> **WORK ORDER**: Print the whole listing again, exactly as it stands.

> **SOURCE DATA**:
-------------------------
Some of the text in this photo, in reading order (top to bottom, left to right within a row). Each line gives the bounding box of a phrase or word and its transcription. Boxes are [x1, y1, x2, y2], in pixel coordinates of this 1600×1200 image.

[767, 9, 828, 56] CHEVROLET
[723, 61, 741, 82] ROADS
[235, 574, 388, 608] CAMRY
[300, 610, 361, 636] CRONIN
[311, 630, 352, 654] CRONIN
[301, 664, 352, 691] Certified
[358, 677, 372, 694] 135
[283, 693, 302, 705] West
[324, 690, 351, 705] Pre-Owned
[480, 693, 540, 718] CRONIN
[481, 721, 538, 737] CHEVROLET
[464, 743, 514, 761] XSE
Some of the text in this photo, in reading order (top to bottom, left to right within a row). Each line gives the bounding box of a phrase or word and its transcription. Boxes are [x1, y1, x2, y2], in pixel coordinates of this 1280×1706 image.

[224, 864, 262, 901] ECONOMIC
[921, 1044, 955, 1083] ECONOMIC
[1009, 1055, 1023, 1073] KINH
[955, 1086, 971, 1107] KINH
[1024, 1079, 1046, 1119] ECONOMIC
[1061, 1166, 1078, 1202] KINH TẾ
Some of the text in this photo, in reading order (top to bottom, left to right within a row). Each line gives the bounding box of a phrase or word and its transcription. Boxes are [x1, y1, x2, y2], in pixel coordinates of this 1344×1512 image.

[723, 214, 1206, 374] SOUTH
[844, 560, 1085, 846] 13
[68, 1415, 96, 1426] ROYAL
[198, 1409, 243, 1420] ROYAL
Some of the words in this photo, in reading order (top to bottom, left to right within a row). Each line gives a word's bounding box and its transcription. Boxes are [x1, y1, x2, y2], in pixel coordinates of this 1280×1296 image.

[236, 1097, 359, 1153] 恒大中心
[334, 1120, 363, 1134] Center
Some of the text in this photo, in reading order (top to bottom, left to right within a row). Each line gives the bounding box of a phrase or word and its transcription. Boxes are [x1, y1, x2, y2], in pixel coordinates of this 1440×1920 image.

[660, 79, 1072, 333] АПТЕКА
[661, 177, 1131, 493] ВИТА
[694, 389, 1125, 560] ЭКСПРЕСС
-------------------------
> **EXERCISE OUTPUT**:
Some of the text in this photo, in reading order (top to bottom, left to right within a row). Each line gives the bounding box of a phrase or word and its transcription. Boxes are [x1, y1, x2, y2], in pixel coordinates of this 1600×1200 image.

[767, 9, 828, 56] CHEVROLET
[723, 61, 741, 82] ROADS
[235, 574, 388, 608] CAMRY
[300, 610, 361, 636] CRONIN
[311, 630, 352, 654] CRONIN
[301, 664, 352, 691] Certified
[358, 677, 372, 694] 135
[283, 693, 302, 705] West
[324, 690, 351, 705] Pre-Owned
[480, 693, 540, 718] CRONIN
[481, 721, 538, 737] CHEVROLET
[464, 743, 514, 761] XSE
Some of the text in this photo, in reading order (top to bottom, left to right within a row). Each line gives the bounding box of a phrase or word and its transcription. Boxes are [x1, y1, x2, y2], in pixel coordinates of this 1280×1706 image.

[224, 864, 262, 901] ECONOMIC
[921, 1044, 955, 1083] ECONOMIC
[1009, 1055, 1023, 1073] KINH
[955, 1086, 971, 1107] KINH
[1024, 1079, 1046, 1119] ECONOMIC
[1061, 1166, 1078, 1202] KINH TẾ
Some of the text in this photo, in reading order (top to bottom, left to right within a row). Each line gives the bounding box of a phrase or word and its transcription. Boxes are [x1, y1, x2, y2], in pixel coordinates of this 1344×1512 image.

[723, 214, 1206, 374] SOUTH
[844, 560, 1085, 846] 13
[68, 1415, 96, 1426] ROYAL
[198, 1409, 243, 1420] ROYAL
Some of the words in this photo, in reading order (top to bottom, left to right within a row). Each line gives a word's bounding box and its transcription. Boxes are [x1, y1, x2, y2], in pixel coordinates of this 1280×1296 image.

[236, 1097, 359, 1153] 恒大中心
[334, 1120, 363, 1134] Center
Some of the text in this photo, in reading order (top to bottom, left to right within a row). Each line gives the bounding box of a phrase or word and its transcription. Boxes are [x1, y1, x2, y2], in pixel coordinates of this 1440×1920 image.

[660, 79, 1072, 333] АПТЕКА
[661, 177, 1131, 493] ВИТА
[694, 389, 1125, 560] ЭКСПРЕСС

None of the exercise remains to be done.